What has been the feedback as far as the show is concerned? We have received great feedback from the Haitian community and from non Haitians as well. We got emails even from South America. My fans from Télémax are happy to see me again on TV. But in general, the Haitian community appreciates the level of professionalism of how we address the issues—topics and guests. Non-Haitians like the opportunity to watch real talk about issues of the Haitian community of South Florida and of Haiti by Haitians in a language that they can understand. The program is also aired in the Bahamas and will be aired soon in Haiti.

What do you like to do when you’re not running Thélar Management? Presently, Thélar Management Group is my life. I am much focused because I have clearly defined my goals. For now, 90% of the time, I am working either for the company or for the organizations that I am involved with. I also read a lot. I also love dancing. Since I am in the Haitian music industry, from time to time, I go to Haitian parties—bal. I always meet my fellow business people in the industry blaming me that I don’t go out that often. That gives me a sense of respect and appreciation. Sometime I go to International ballroom dance practice, or to the movie theater or to the beach, or visit one of my best friends.

Do you have any plans for Haiti? Are you planning on going back there to live or start a foundation? [Laughter] How do you know? Of course, I have many plans for Haiti. But for now, I believe that I can impact my people only by my actions and accomplishments. Haitians cannot change Haiti if they don’t change their ways. Living in United States changes my mentality; makes me a better and stronger person.
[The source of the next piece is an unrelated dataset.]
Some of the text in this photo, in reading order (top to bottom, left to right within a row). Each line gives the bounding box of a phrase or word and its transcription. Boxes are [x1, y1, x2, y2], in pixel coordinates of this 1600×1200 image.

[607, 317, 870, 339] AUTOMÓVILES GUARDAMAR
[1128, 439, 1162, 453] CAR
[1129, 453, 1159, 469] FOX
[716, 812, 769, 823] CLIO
Haitians will change Haiti only by becoming better citizens. They have to forget their personal interests and put the country’s interests first. They have to understand and accept that we might come from different backgrounds, have different agendas and goals, but we all will succeed only by establishing a social system where everyone has the opportunity to reach their goals. Many want to start a foundation, an orphanage, a church or a NGO to help the people of Haiti. I applaud these initiatives, but you have to understand they are not the solutions to our problems…our challenges”. We need leadership. People with vision, ready to sacrifice their personal comfort so to empower the nation. We need people who will become the role models of the new generation of leaders. It will take time for these leaders to emerge. But this is a lifetime goal. As an Haitian, I can be helpful and serve my country through my career and my community involvement whether I am living in United States or in Haiti.

What are you most proud of about Haiti? Despite the fact that the Haitian society has lost many values that make this nation so wonderful, Haitians remain very sensitive and very connected to their humanity. My people are not demanding. Haitians will be ready to help anyone or to sacrifice their life for any one just because they had been so kind and generous to them. That’s why foreigners are so attracted to Haiti. And I am proud of that!